## Task details
With all images left out, restate the records below exactly as written.

## The records
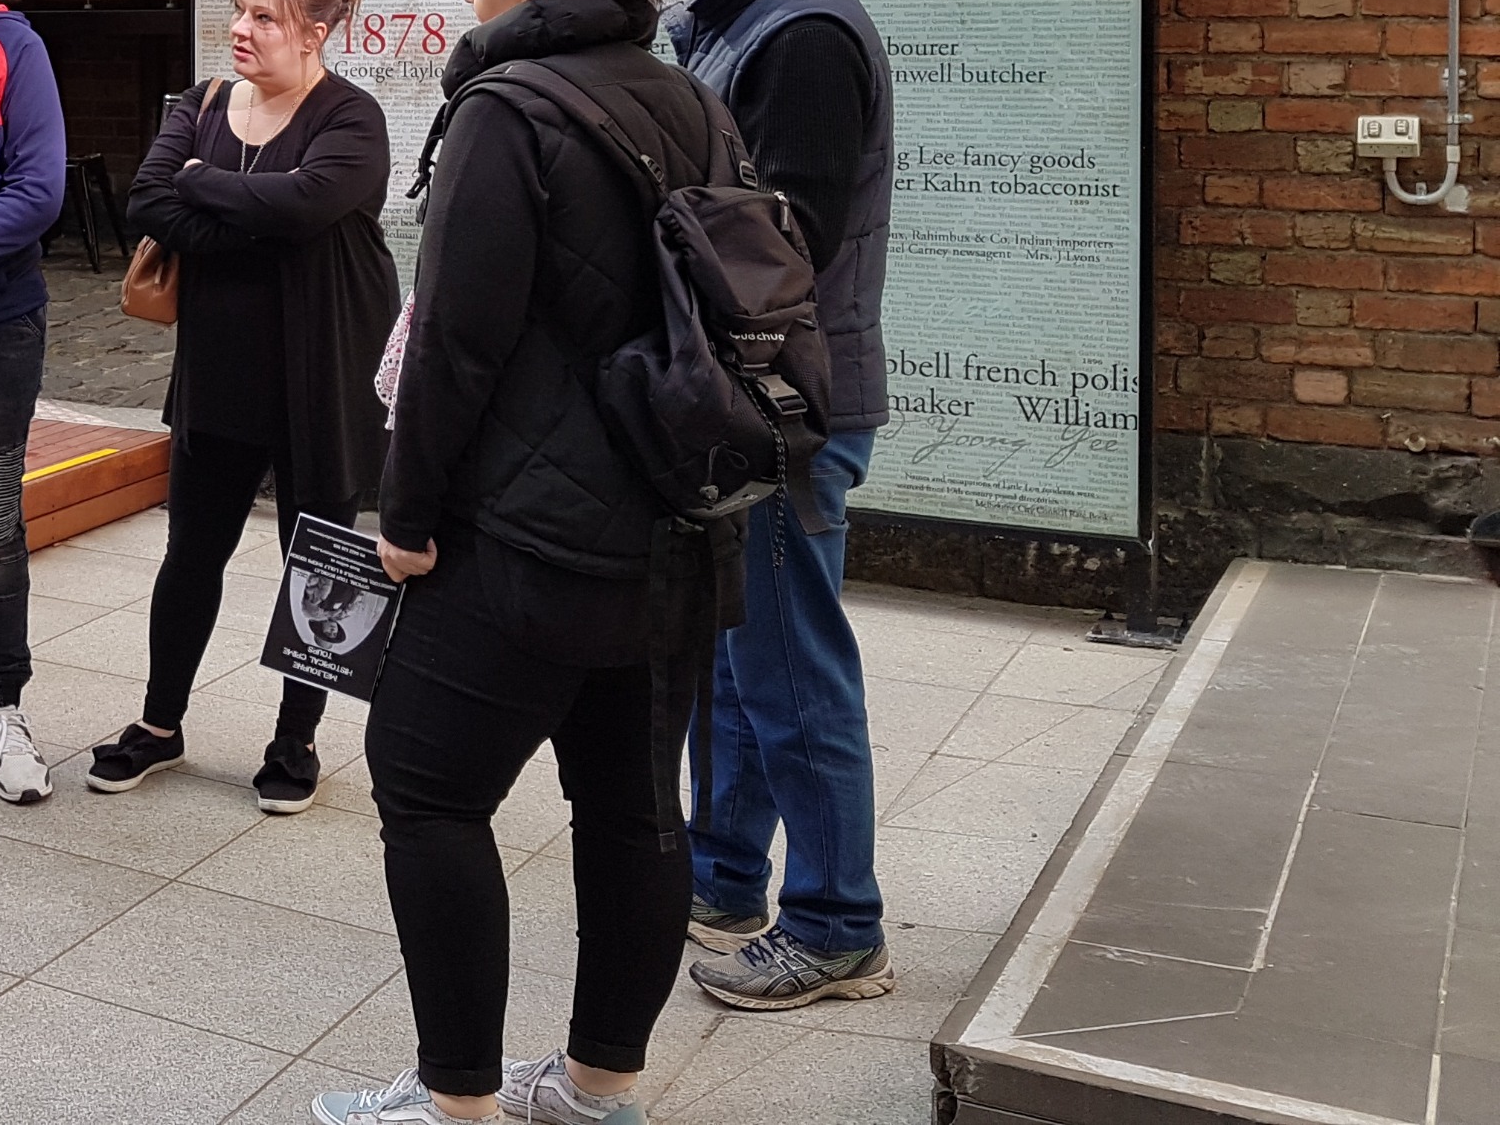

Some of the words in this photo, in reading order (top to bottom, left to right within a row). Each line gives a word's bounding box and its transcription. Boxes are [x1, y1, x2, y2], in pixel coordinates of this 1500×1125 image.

[341, 13, 447, 58] 1878
[334, 60, 394, 83] George
[398, 61, 445, 82] Taylo
[961, 63, 1047, 84] butcher
[917, 145, 955, 166] Lee
[963, 145, 1023, 173] fancy
[1029, 148, 1097, 174] goods
[923, 172, 982, 194] Kahn
[990, 173, 1121, 198] tobacconist
[912, 229, 971, 243] Rahimbux
[974, 233, 986, 243] &
[1015, 234, 1053, 247] Indian
[1056, 236, 1115, 251] importers
[908, 243, 949, 258] Carney
[952, 247, 1011, 261] newsagent
[1066, 252, 1101, 265] Lyons
[963, 354, 1059, 387] french
[1012, 395, 1138, 430] William

## Response to the exercise
Some of the words in this photo, in reading order (top to bottom, left to right within a row). Each line gives a word's bounding box and its transcription. Boxes are [x1, y1, x2, y2], in pixel coordinates of this 1500×1125 image.

[341, 13, 447, 58] 1878
[334, 60, 394, 83] George
[398, 61, 445, 82] Taylo
[961, 63, 1047, 84] butcher
[917, 145, 955, 166] Lee
[963, 145, 1023, 173] fancy
[1029, 148, 1097, 174] goods
[923, 172, 982, 194] Kahn
[990, 173, 1121, 198] tobacconist
[912, 229, 971, 243] Rahimbux
[974, 233, 986, 243] &
[1015, 234, 1053, 247] Indian
[1056, 236, 1115, 251] importers
[908, 243, 949, 258] Carney
[952, 247, 1011, 261] newsagent
[1066, 252, 1101, 265] Lyons
[963, 354, 1059, 387] french
[1012, 395, 1138, 430] William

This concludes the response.